Giugliano, oggi il consiglio comunale. L’attacco di Alfonso Sequino a sindaco e maggioranza

Giugliano, oggi il consiglio comunale. L’attacco di Alfonso Sequino a sindaco e maggioranza

Il consigliere comunale rivela che ieri hanno fatto cilecca i vari tentativi di celebrare il consiglio con telefonate da Sinistra a Destra per elemosinare, altrove, numeri utili per celebrare la seduta in prima convocazione


GIUGLIANO – Oggi alle 19 è previsto il consiglio comunale saltato ieri in prima convocazione per la mancanza del numero legale. A riguardo, Alfonso Sequino, affonda contro la maggioranza ed il sindaco che – a detta dell’esponennte dell’opposizione – non ha più i numeri per governare.

Questo il post di Sequino pubblicato sulla sua pagina Facebook:

“Rimettere insieme i cocci, in meno di 24 ore, per continuare questa stramba avventura o dimettersi ed andare a casa?

I Consigli Comunali, a Giugliano, non si celebrano più. Ad ogni convocazione difficilmente si raggiunge il numero legale. Pare che, per qualcuno, l’era delle alzate di mano automatiche sia finita.

Solo 13 consiglieri presenti su 33 eletti.

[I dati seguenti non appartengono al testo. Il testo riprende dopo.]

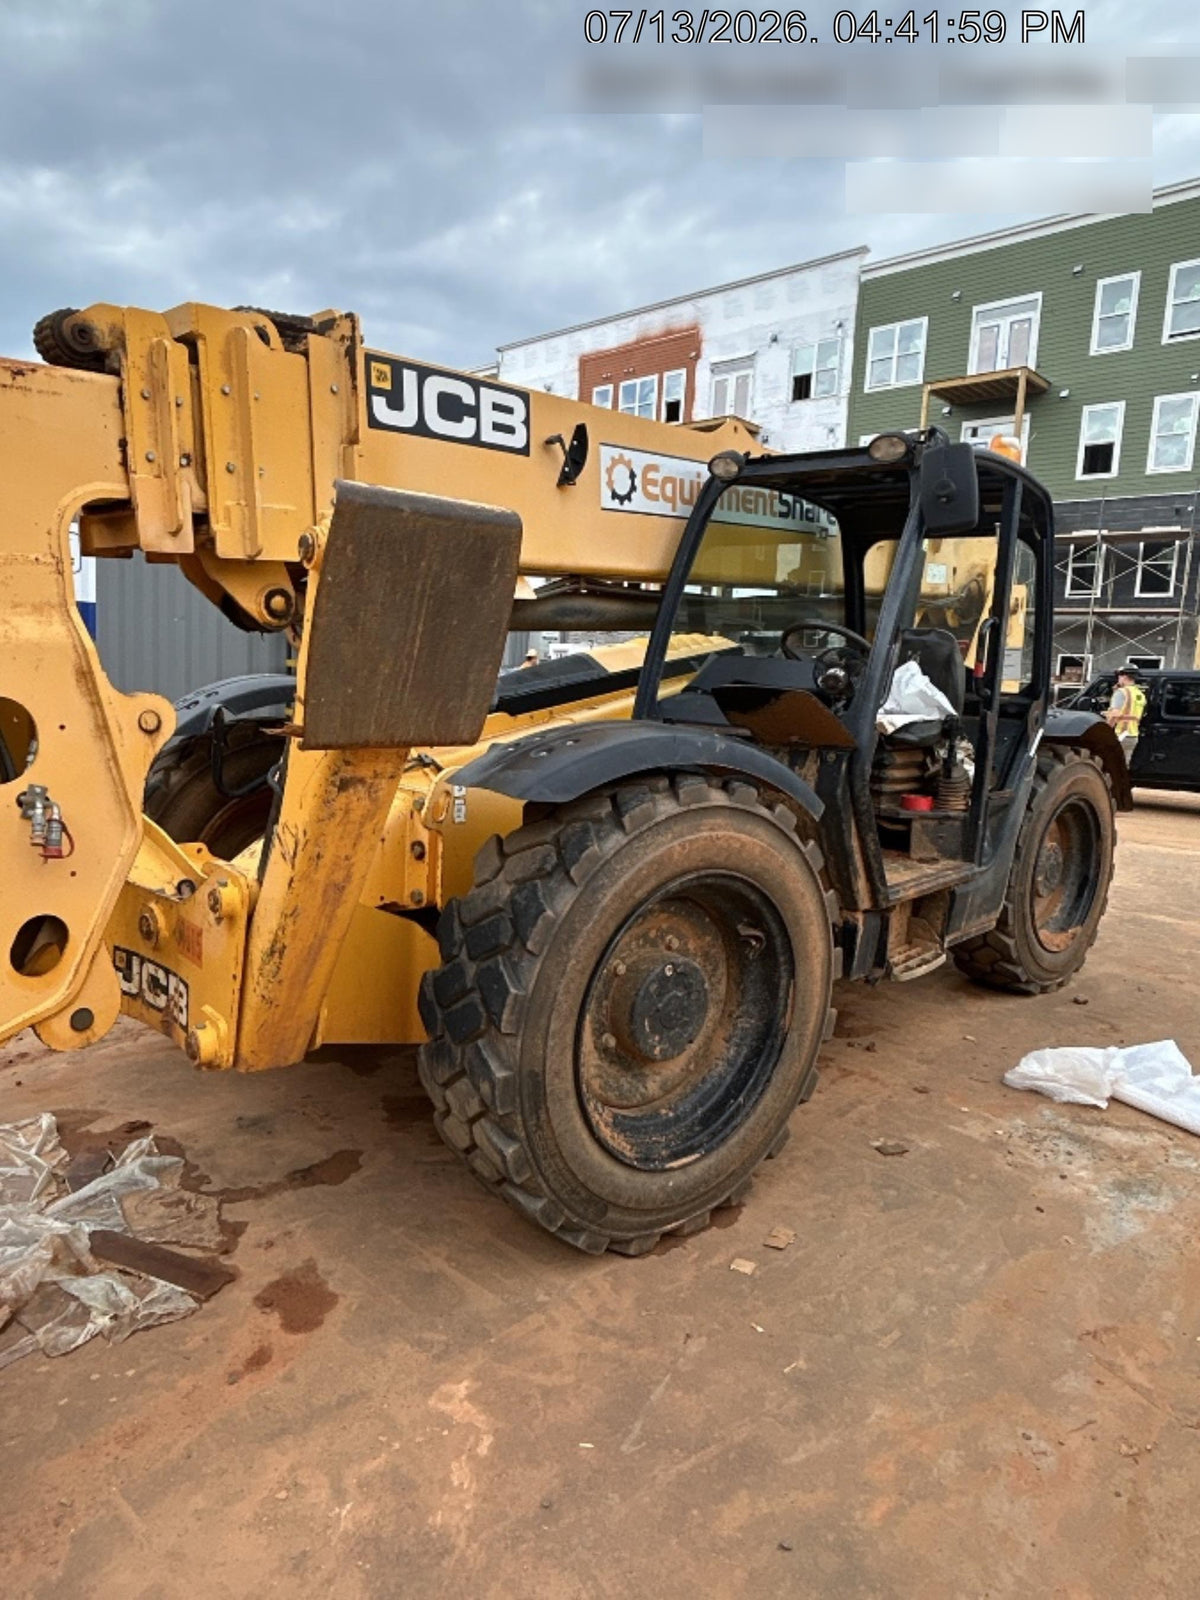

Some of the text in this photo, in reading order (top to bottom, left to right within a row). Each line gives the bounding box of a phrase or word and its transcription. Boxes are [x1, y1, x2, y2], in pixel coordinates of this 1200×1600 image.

Restano in attesa delle beghe di questa amministrazione il Regolamento dei Dehors, utile per le attività commerciali e che sponsorizzo fin dai primi giorni di Amministrazione ed altri Atti di Bilancio.

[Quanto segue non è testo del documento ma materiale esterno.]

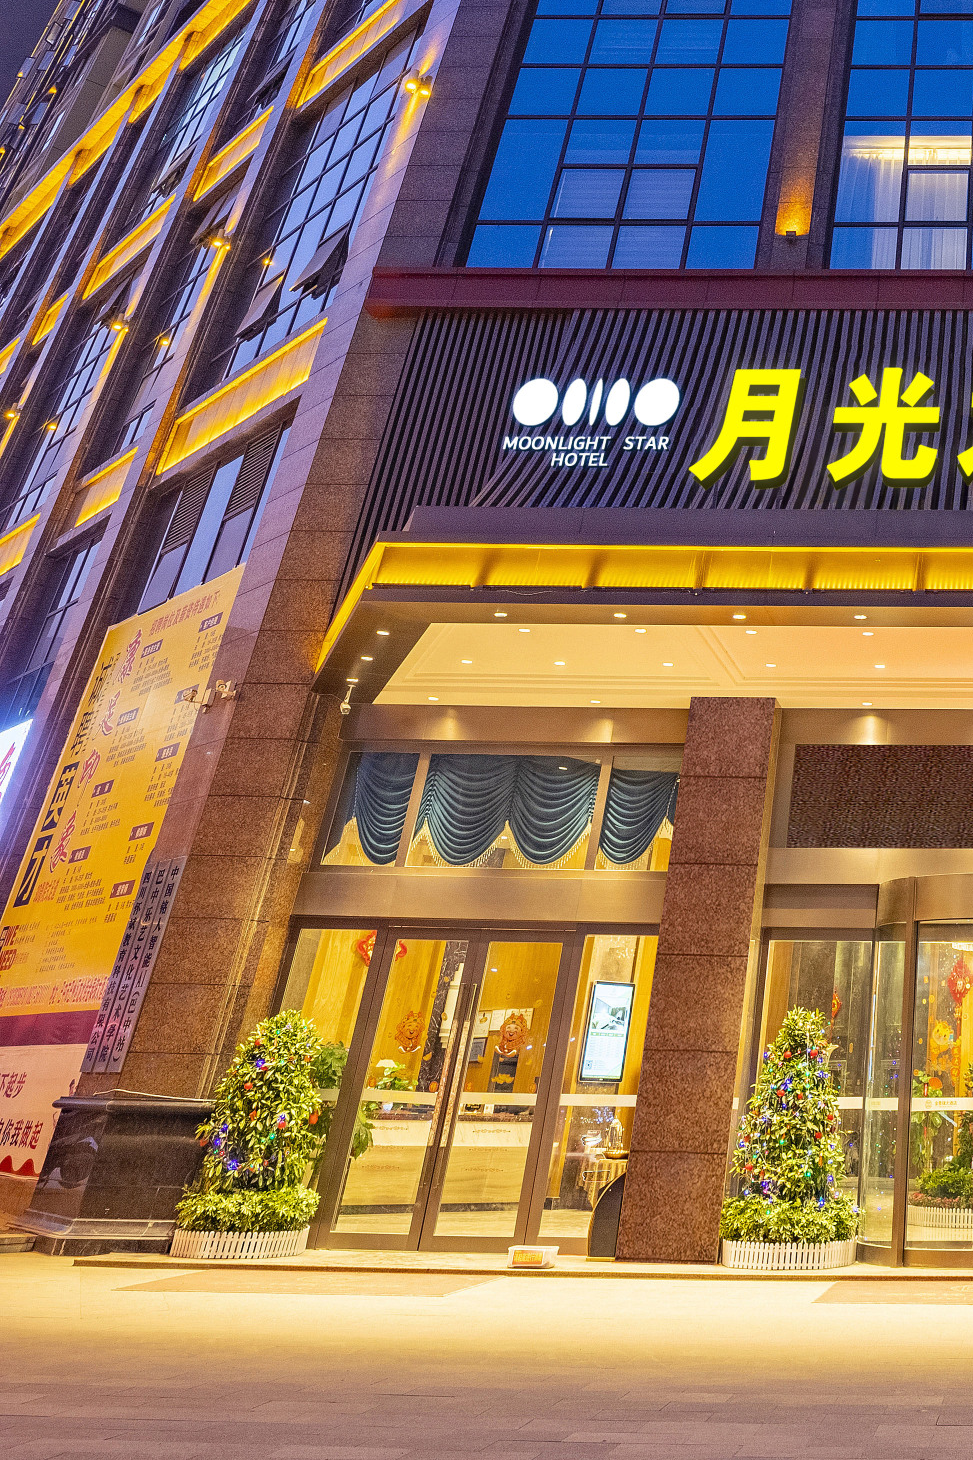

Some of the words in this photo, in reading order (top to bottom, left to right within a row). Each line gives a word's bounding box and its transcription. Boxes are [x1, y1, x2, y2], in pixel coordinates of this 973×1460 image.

Le possibili cause sono da imputare o ad un Sindaco politicamente arrogante ed incapace di amministrare o ad una Maggioranza decisa a presentare il conto dei tanti servigi e servilismi.

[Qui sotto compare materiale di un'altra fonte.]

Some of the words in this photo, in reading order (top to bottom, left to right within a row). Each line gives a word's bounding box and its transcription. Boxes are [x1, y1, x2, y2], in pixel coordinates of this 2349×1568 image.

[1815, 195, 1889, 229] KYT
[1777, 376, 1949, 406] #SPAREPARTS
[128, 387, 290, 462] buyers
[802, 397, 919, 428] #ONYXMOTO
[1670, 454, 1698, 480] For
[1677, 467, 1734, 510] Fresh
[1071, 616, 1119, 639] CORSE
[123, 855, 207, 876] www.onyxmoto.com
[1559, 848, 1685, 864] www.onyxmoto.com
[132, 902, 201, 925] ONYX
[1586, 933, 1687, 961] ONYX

È crollata subito anche la difesa tentata sui media da chi pur di salvare la faccia, sprezzante della verità, ha dichiarato di far parte di in una “Coalizione solida”.

Hanno fatto cilecca i vari tentativi con telefonate da Sinistra a Destra per elemosinare, altrove, numeri utili per celebrare il Consiglio anche senza i tanti dissidenti.

Del resto chi semina vento raccoglie tempesta.

Intanto, stasera, torniamo in aula alle 19:00. Basteranno solo 11 consiglieri per dar seguito a questa maldestra avventura del Sindaco e della sua “poco brillante” Giunta, esperti in feste ma che quest’anno, peggio ancora degli altri anni, hanno mostrato anche a Natale di non essere all’altezza.

Oltre 200 mila euro spesi senza eventi, strade popolate solo alla vigilia grazie al sacrificio dei soli commercianti, una viabilità senza logica che ha paralizzato in alcune circostanze la città e di Babbo Natale neanche la lontana visione.

Chissà, forse questo sindaco e questa maggioranza, quest’anno nella classica letterina gli hanno chiesto in dono la sopravvivenza politica.

Il mio consiglio sono le dimissioni, abbiamo la possibilità di liberare la città dal malgoverno e dallo spreco e soprattutto ridare una speranza di futuro ai cittadini, cosa di cui questa amministrazione non è stata mai sfiorata neanche nell’idea.

Ci risentiamo stasera per ulteriori aggiornamenti e che Dio salvi il RE dal vuoto dell’emiciclo”.